Saturday, January 9, 2021

A heart touching letter from my youngest twin on my retirement

 A letter from Varun my youngest twin on my retirement. When so many of my students are sharing their experience and emotions on Facebook, I thought I should also share this letter, which I had kept close to my heart. I had come back from my morning walk on 30th June and when I opened my phone, I saw a mail from my youngest twin and I shed a tear or two. As the most mischevious and a very independent person with a mind of his own, he had troubled me a lot for he refused to toe the line. I still remember that in class one or two, when he would learn out loud a wrong spelling and I would correct him and ask him to learn the correct spelling, he would tell me go and teach this in your University to your students. This is what my teacher taught me and this is what I will learn and kept repeating out loudly the wrong spellings, much to my great dismay and agony.










Dear Mummy,
I was composing this email for a while in my head. I did not know where to start. But they say its best to start at the beginning. I can’t tell where the story of your career begins. But for me, you were always a teacher before a mother.
You have had a brilliant career, with all of its most significant challenges obliterated. I cannot speak for Bittu and Tarun much but out of my own experiences. I still remember the days when you used to carry me to your office when I was sick or had a fever, and I lay down on two chairs pulled together. I still remember playing with the water kettle in your office and looking at all the fancy stationery in your office with curiosity as if it was some new technology. The most pungent memory is the one of that stinking men’s bathroom that was a few doors away from your office in the old historic building.

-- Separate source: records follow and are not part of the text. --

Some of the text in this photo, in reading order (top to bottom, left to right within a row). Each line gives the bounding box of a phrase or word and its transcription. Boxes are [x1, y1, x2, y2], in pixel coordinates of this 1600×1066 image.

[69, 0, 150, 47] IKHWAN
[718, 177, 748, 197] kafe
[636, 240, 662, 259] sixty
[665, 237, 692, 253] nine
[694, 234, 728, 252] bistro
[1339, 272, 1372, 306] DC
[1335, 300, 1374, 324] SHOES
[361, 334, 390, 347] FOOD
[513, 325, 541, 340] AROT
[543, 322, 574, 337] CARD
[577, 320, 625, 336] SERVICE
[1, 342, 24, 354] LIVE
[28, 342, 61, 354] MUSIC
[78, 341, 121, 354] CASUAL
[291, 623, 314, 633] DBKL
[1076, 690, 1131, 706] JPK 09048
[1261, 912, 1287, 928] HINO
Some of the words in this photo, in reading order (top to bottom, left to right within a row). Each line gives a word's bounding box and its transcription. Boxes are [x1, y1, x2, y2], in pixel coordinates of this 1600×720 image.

I remember you running to the bus station, to the auto stand, to Abids, to my school, to the top of the slope near the main road when I didn’t come home on time:(. I made you run so much you had to get your knees replaced (Sorry, but I am a good kid now).

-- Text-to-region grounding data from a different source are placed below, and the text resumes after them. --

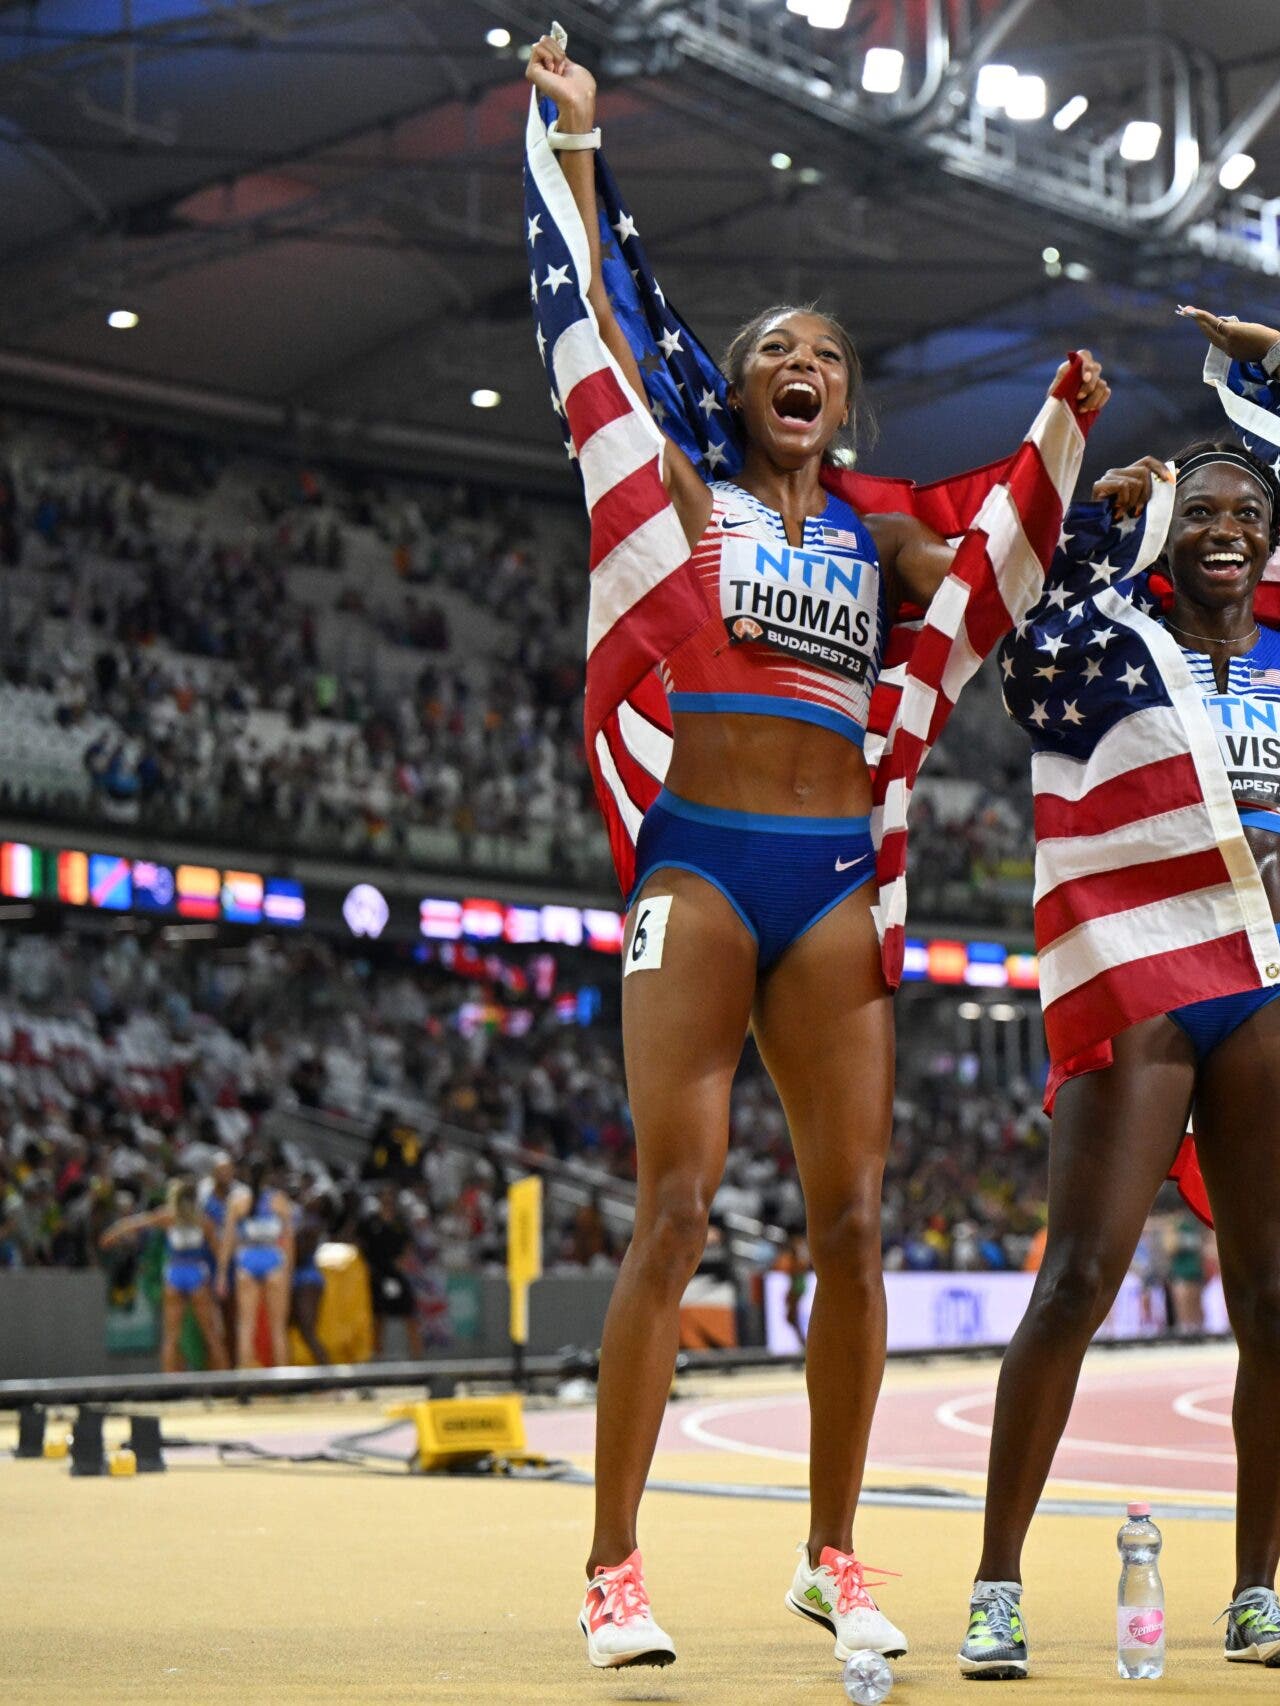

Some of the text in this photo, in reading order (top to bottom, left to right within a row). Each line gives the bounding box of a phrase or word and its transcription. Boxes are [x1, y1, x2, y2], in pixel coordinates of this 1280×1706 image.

[755, 543, 862, 600] NTN
[729, 580, 870, 647] THOMAS
[767, 630, 861, 673] BUDAPEST 23
[1202, 697, 1278, 734] TN
[1232, 779, 1280, 794] APEST
[632, 909, 648, 961] 6

Good Times, huh!... Any way Mummy, I am trying to keep this short, but
congratulations
on this lifetime achievements. I don’t have the exact numbers, but with close to 20 books published and numerous other publications, you are a true epitome of a small-town girl who made it big in this wide world.

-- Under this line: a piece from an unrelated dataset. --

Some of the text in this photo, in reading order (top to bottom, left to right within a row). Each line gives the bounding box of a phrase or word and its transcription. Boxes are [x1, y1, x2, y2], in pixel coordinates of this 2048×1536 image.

If a feminist is someone who supports equal rights to women, then you are an epitome of I-Feminism. I hope you inspire countless girls and women in India and around the world like you have inspired me, your own son. Maybe I got the competitive nature to be the best of the best from papa, but it was chivalry and panache I believe I got from you. The real purpose of life is to pass on knowledge and experiences since you have been in academia all your life I would recommend you write your own memoir and to help you start here is a title Rekha: A-line between career, motherhood, and feminism. (We will talk about this I have a software I will install that will type as you speak)
Anyways, I know you might feel nervous or scared (maybe a wrong choice of words). But as always, you have papa by your side through thick and thin and all the noise he makes (LOL). You have three brilliant sons. Who are steadfast and strong? Congratulation on your retirement. We all love you.
Now come to Connecticut and stay in your house, your room is ready.